Data for this exercise —
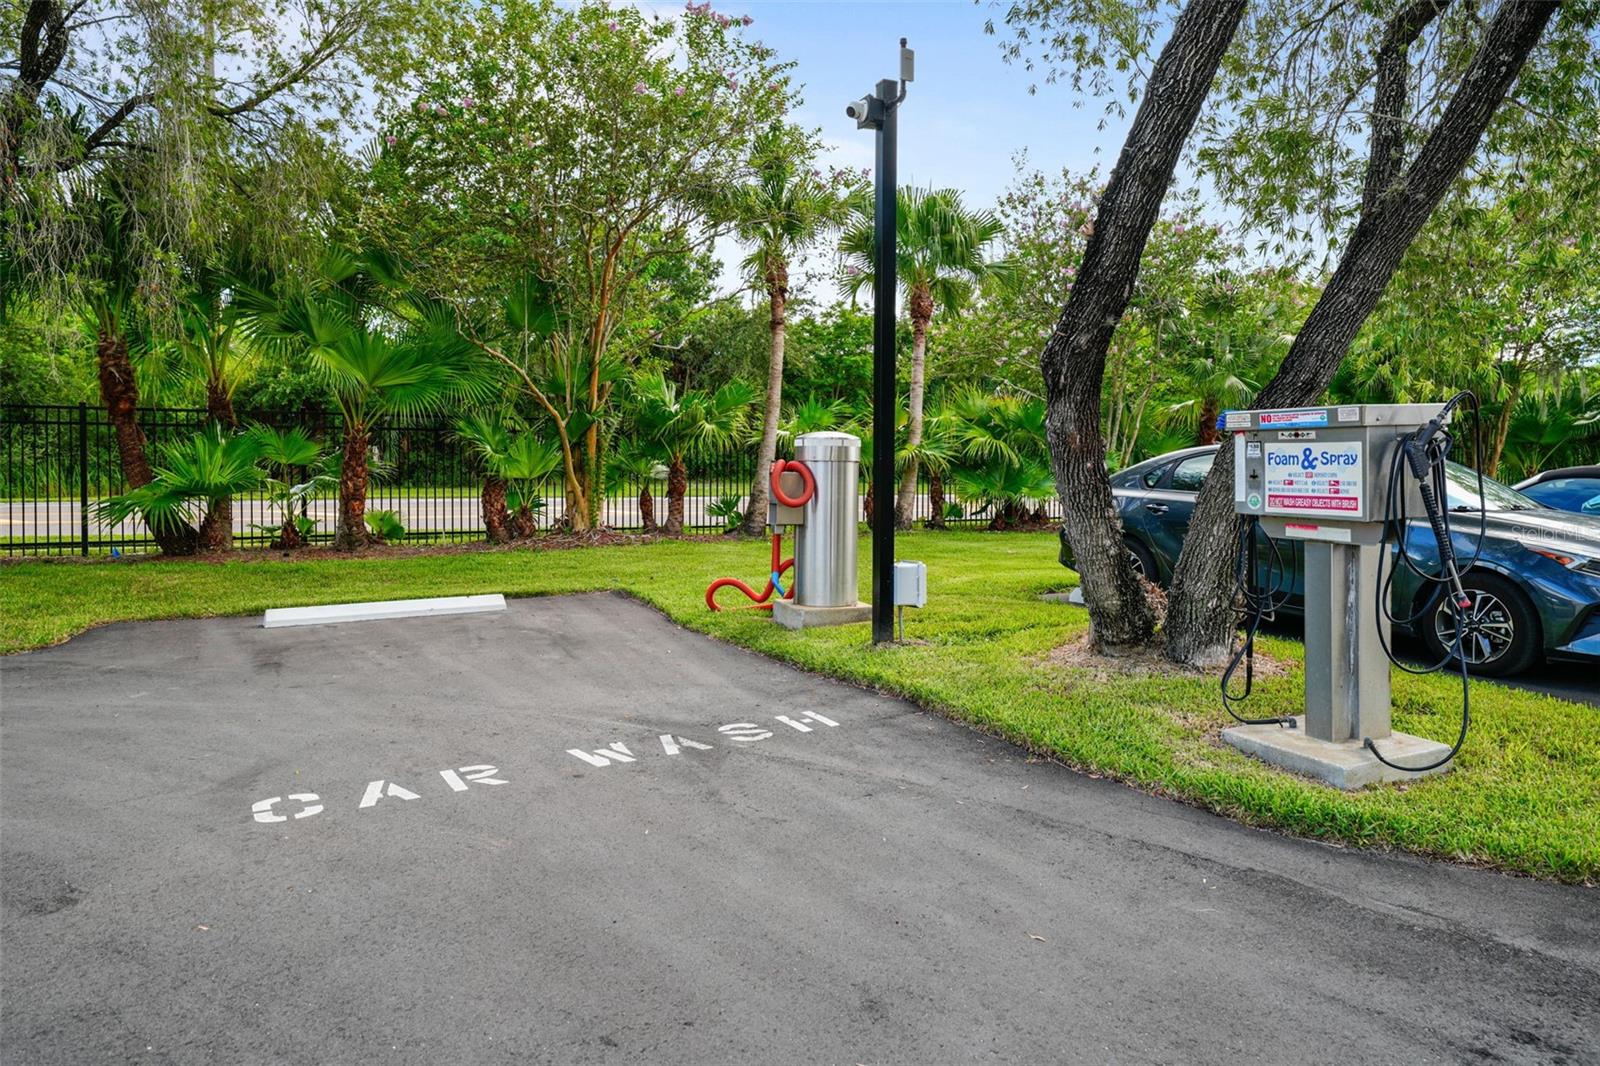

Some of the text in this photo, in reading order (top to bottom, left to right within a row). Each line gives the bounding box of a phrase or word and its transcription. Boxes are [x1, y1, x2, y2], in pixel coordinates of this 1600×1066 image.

[1260, 414, 1272, 423] NO
[1268, 452, 1299, 466] Foam
[1301, 447, 1318, 470] &
[1320, 451, 1358, 466] Spray
[1312, 498, 1331, 508] OBJECTS
[1331, 499, 1342, 508] WITH
[252, 710, 840, 823] CAR WASH

Problem to work on —
The pictures stay out; copy the rest of the data word for word.

Solution —
Some of the text in this photo, in reading order (top to bottom, left to right within a row). Each line gives the bounding box of a phrase or word and its transcription. Boxes are [x1, y1, x2, y2], in pixel coordinates of this 1600×1066 image.

[1260, 414, 1272, 423] NO
[1268, 452, 1299, 466] Foam
[1301, 447, 1318, 470] &
[1320, 451, 1358, 466] Spray
[1312, 498, 1331, 508] OBJECTS
[1331, 499, 1342, 508] WITH
[252, 710, 840, 823] CAR WASH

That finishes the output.